1. Introduction

The left-handed materials (LHMs) were first proposed by Veselago and have attracted much attention in recent years for their interesting properties and potential use [1–5]. Shelby [2] had an experimental verification of the first LHM structure based on split-ring resonators (μ<0) interconnected with a set of metallic rods (ε<0). Photonic crystals (PhCs) made of periodically modulated dielectric or metallic materials can also show effective negative refraction [6]. Unlike the metamaterials made of conductors which have huge losses at higher frequencies, PhCs can exhibit much lower losses even at high frequencies such as in an optical band, since they are composed of insulators and the size and periodicity of their scattering elements are of the order of optical wavelength. Though to define the values of ε or μ of a PhC is impossible, many anomalous effects such as negative refraction and “super prism” [7] were observed, and both negative refraction and left-handedness in PhCs were experimentally demonstrated in the microwave range [8–11].
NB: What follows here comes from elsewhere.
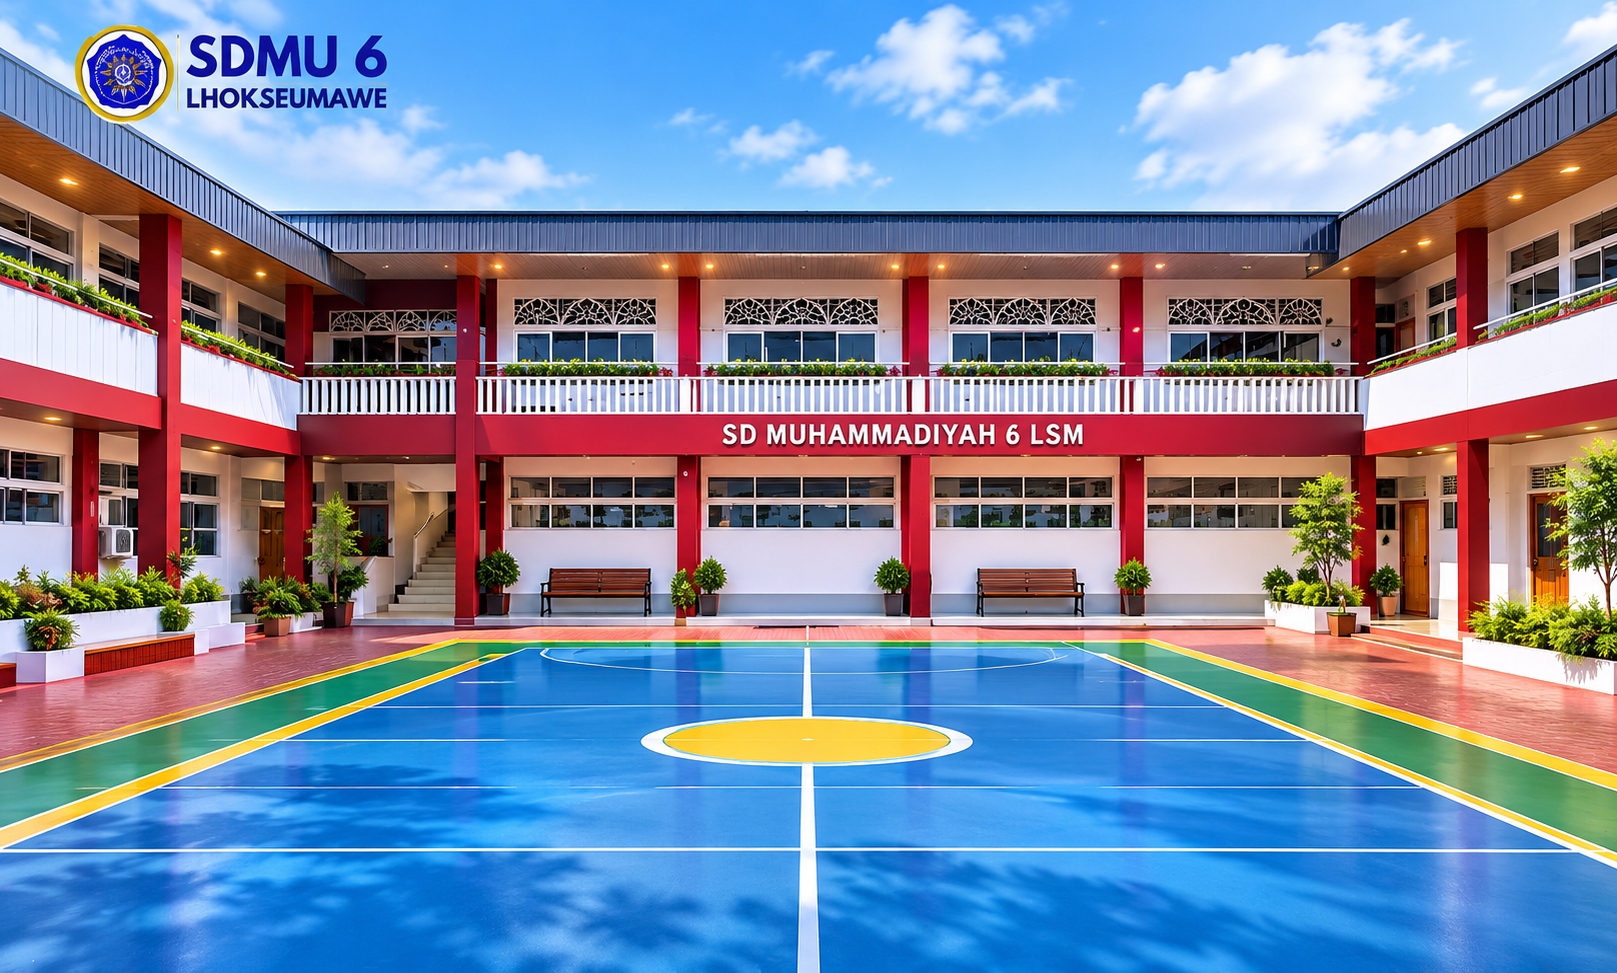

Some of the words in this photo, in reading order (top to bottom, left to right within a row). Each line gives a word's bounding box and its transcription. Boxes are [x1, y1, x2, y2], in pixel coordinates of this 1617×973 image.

[722, 423, 757, 445] SD
[766, 423, 995, 445] MUHAMMADIYAH
[1005, 423, 1020, 445] 6
[1030, 423, 1083, 445] LSM
There have been many analyses of negative refractions in PhCs recently, and most of them dealt with the PhCs of regular atoms or columns with a well-defined shape [12, 13]. The holographic lithography (HL) approach for PhC fabrication has its unique advantages such as one step recording in large scale [14, 15]. Since holographic structures usually have irregular atoms or columns, and the light propagation properties of PhCs are closely related to their specific structures [16, 17], we may expect some difference in propagation behavior between regular and holographic structures. However, only a very few works have been reported by now on the negative refraction effect for the PhCs formed by HL, and they are all three-dimensional (3D) structures [15]. Considering that two-dimensional (2D) holographic structures can be more easily made and have wide potential use, it is of interest and importance to extend the study of negative refraction to 2D HL structures. In this paper, we take a 2D square structure with circular columns connected by veins [16] as an example to investigate this effect. In our analyses the plane wave method (PWM) [18] with wave number of 729 is employed to calculate the photonic band structure and the equal frequency contours (EFCs), then the propagating direction of an electromagnetic wave (EMW) is achieved with wave vector diagram, finally the existence of negative refractions are demonstrated by finite-difference time-domain (FDTD) simulations with perfectly matched layer (PML) boundary conditions [1]. All the calculations are performed with Matlab software.

2. Structures

 

Fig. 1. Variation of the shape and size of the cross section of dielectric columns with the same I _t = 2.72 and c= 0.16. (a)Holographic inverse structure, FR = 0.416; (b) holographic normal structure, FR = 0.584; and (c) regular structure, r = 0.364a, FR = 0.416.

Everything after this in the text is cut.